Mar 13 - Ref Counting Latency Comments

To wrap up this series on Toccata’s memory managment, we turn to latency.

A different kind of post

This post is going to be different in that it’s more hypothetical, as I don’t have time to make sure all the code works and post actual results. Though I might be talked into it if someone wanted that.

Collecting memory that’s no longer used takes time. One of the reasons I wanted to do reference counting for Toccata is to eliminate instances where your program just stops while the collector does it’s work. I’m aware there are schemes which can reduce greatly (almost to the point of elimination) these pauses. But I figured ref counting would be better given the way memory is used in Toccata.

The ‘latency’ of an operation is the measure of this overhead and there are multiple ways to look at this statistic. In a lot of cases, it’s sufficient to just have a low average latency even if occasionally there’s a really long one. However, many times, the worst case latency must absolutely be kept below a certain number so that no user ever sees too long of a delay.
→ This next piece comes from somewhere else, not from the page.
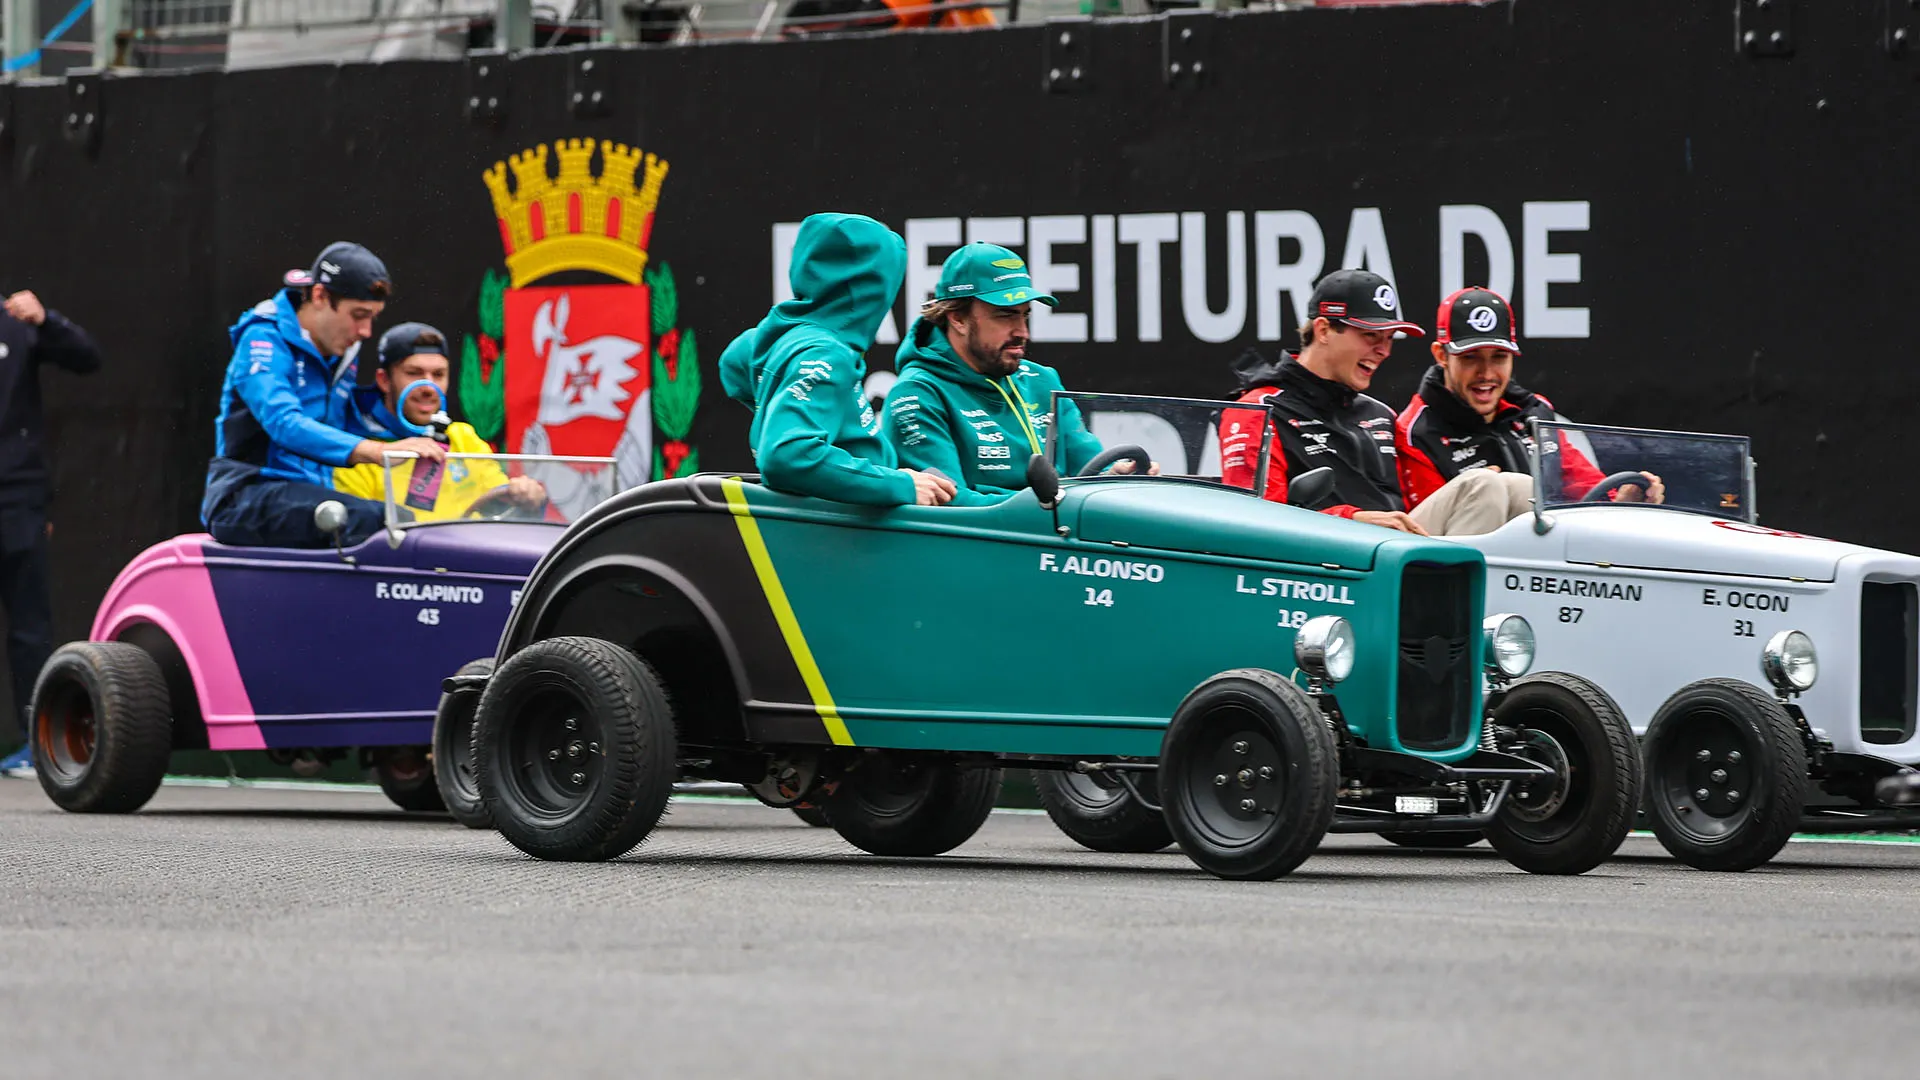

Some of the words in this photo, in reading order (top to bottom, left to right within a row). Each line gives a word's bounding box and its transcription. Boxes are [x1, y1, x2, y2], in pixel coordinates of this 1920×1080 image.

This project purports to compare the latencies of various languages. It hasn’t been updated in some time, so the results aren’t valid anymore. However, the benchmark is interesting. It involves a process that listens for TCP connections. When it gets one, it allocates a 1K buffer and initializes all the bytes in it to a given value. Then it puts that value in a hash-table that has up to 250K entries, evicting an old value if needed.

And now, Toccata

How might this be done in Toccata?

(defn allocate-buffer [value]
  (inline C "
  // some awesome C code

(defn handle-connection [socket hm index]
  (let [new-connection (extract socket)
        new-index (either (< (inc index) 250000)
        new-hm (assoc hm index (allocate-buffer 89))]
    (send new-connection "200 OK\n")
    (handle-connection socket new-hm new-index)))

(main [_]
  (handle-connection (tcp/listen 8080)

This is just an infinite loop that does the deed for each connection that comes in and a main to kick things off.

Under the covers

The only interesing bit is what happens in that call to assoc. Hash maps are trees of internal data structures (with 32-way branching). The key value, index, gets hashed (but since it’s already a number, it’s just used as is) and then 5 bits are used at each level to determine which branch to take. When a leaf position is reached, the tree node containing that position is copied with tne new value being added (or replacing an existing leaf). And then all the nodes back up to the root get copied with new entries for the sub trees.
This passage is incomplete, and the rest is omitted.